3.★ 空とぶケモノ・A
「麻川アキくん」
「何」
「藤宮カオルは我等が担任佐藤アオイ通称シュガーくんが好きなんじゃないかと思うんですけどどうでしょう」
「そうなんじゃないの」
「先生と生徒ってアブナイですね」
「そーだね」
「…アキくん」
「何」
「そこに愛はありますか?」
「馬鹿は嫌いです(にっこり)」
「(ヒィ)」
空とぶケモノ・A
「人間はねー、昔は飛べたらしいですよ」
「へぇ」
「そんなカンジの骨の跡があるんだそーで」
「へぇ」
「なんで飛べなくなったんでしょーね」
「へぇ」
「あのですね、ボク一応真面目に話してるんですけど」
いちごカフェオレ飲むの止めない?しかもそれ6パック目。
「日本は基本的人権を認めてるってことくらい知ってるよね?(にっこり)」
訳:一応真面目にきいてりゃ何したっていいだろーがよそんくらい頭使え。
「なんか…すんません」
ホン○クコン○ャクなしたって、俺はアキの言いたい事(っつか言葉の裏)がよくわかる。これも愛のなせる技?とこの前かなり真剣に訊いたら、
「小野篁に会わせてあげようか?」
と言われた。オノノタカムラって誰ですかと思ったけど、その時のアキのイナズマ効果万点の背後に暗雲垂れ込めさせた雰囲気に負けてとりあえず黙った。

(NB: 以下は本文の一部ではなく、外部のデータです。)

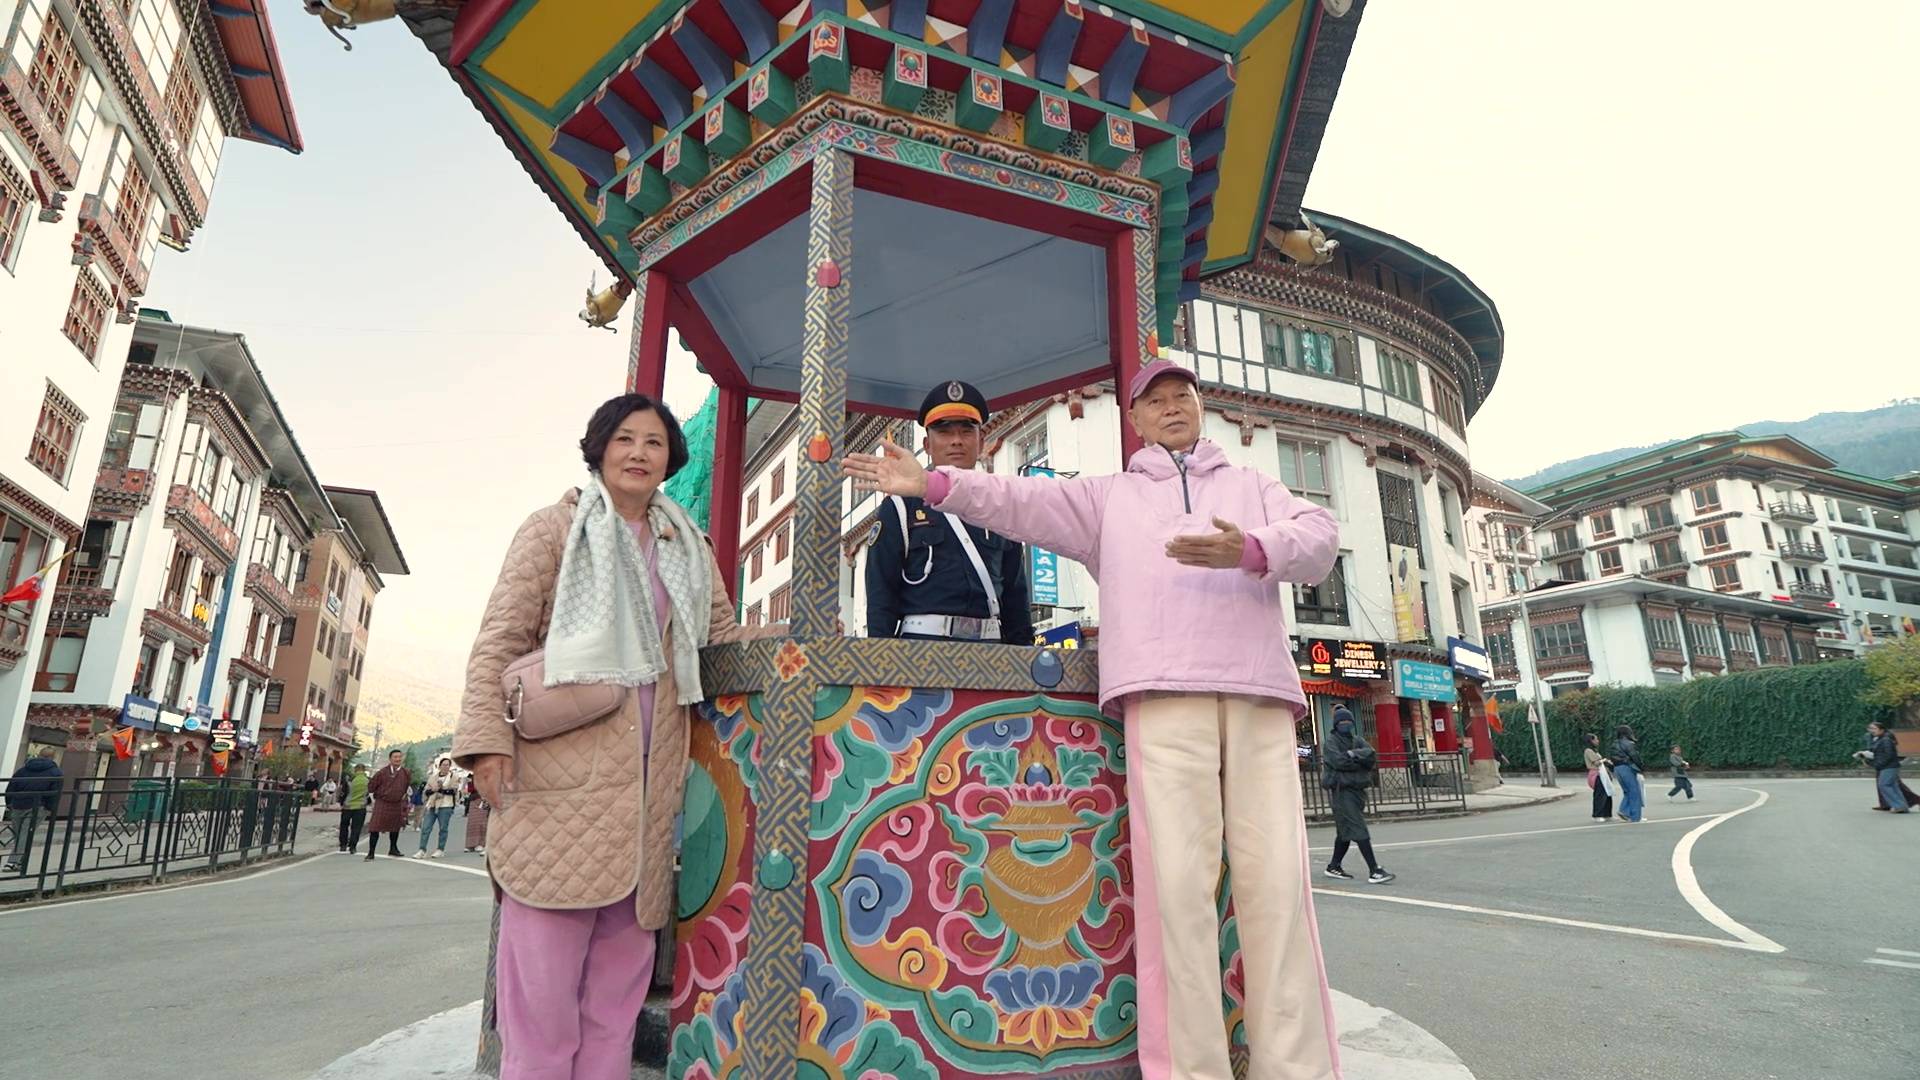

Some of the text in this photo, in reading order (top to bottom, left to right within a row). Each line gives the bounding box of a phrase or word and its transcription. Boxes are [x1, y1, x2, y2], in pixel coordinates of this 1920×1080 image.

家に帰ってゲームエロ本etc…に埋まってる広辞苑(かれこれ8年は使ってない)を引っ張り出して調べると、小野篁は平安時代の歌人で冥府(これも調べたらどうやらあの世のことらしい)のお役人という伝説があった人らしい。
つまり死んで来い。むしろ死なせてあげよっか?的なことを言われたわけだ、俺。
次の日大いばりで言ってやったら、
「トリ頭の上に馬鹿で阿呆なんだね、アンタ」
と馬鹿にしてスト(馬鹿にしてる、の最上級)な顔で哀れみの視線をくれた。
「なんか…すんません」
と言ったら、
「何で謝るのかわかんない。謝ることでアンタの頭の造りが改善されるんだったら話は別だけどそんなワケはないでしょ。阿呆は死んでも治らないって言うし」
あたいも何であやまってんのかわかんないョ☆
日常っつーのは、衝動で満ち満ちてる。
条件反射っつーのは、俺達が抑えられなかった欲望のカタマリだ。
人間っつーのは、誰も彼もがエゴイスト。
「逃げ出したいと思うのは、ワガママ何でしょーかねェ」
「ワガママでしょ」
6月のじっとりとした空の下、裏庭のベンチに並んで座る俺達。
右にいるアキが、6パック目のいちごカフェオレを放る。
キレイな放物線を描いて、それはゴミ箱の中に入る。
ってかキミ。なんでバスケ部はいんないの?野球部でもいいよ?
何度か言ってみたけれど、その度に同じ答え。「俺帰宅部部長だから」。かく言う俺は同部会計。(微妙)只今部員募集中。
「なんでデスか」
アキはうざったそうに左手で前髪をかき上げ、右手でいちごカフェオレのパックにストローをさしながら(7パック目!)言う。
「人にかかる迷惑考えてない」
「は?別に迷惑かける人なんて」
「いるよ。俺代表者」
そう言ってから含んだいちごカフェオレを飲み込むために、アキの喉が上下する。
「あんたがいなくなったら、日常がつまんなくなって困るんだけど」
ヤツは、
俺が青空トリップをしない理由で、帰宅部部長で、
そんで、俺がいなくなったら困ってくれるヤツの代表者だ。
例え、
ぼーとしてばかりだったり、
ちょっと自暴自棄になってたり、
ちっとも勉強しなくても、
僕らは大人が思うより、
ずっとたくさん、難しいこと考えてるんだ。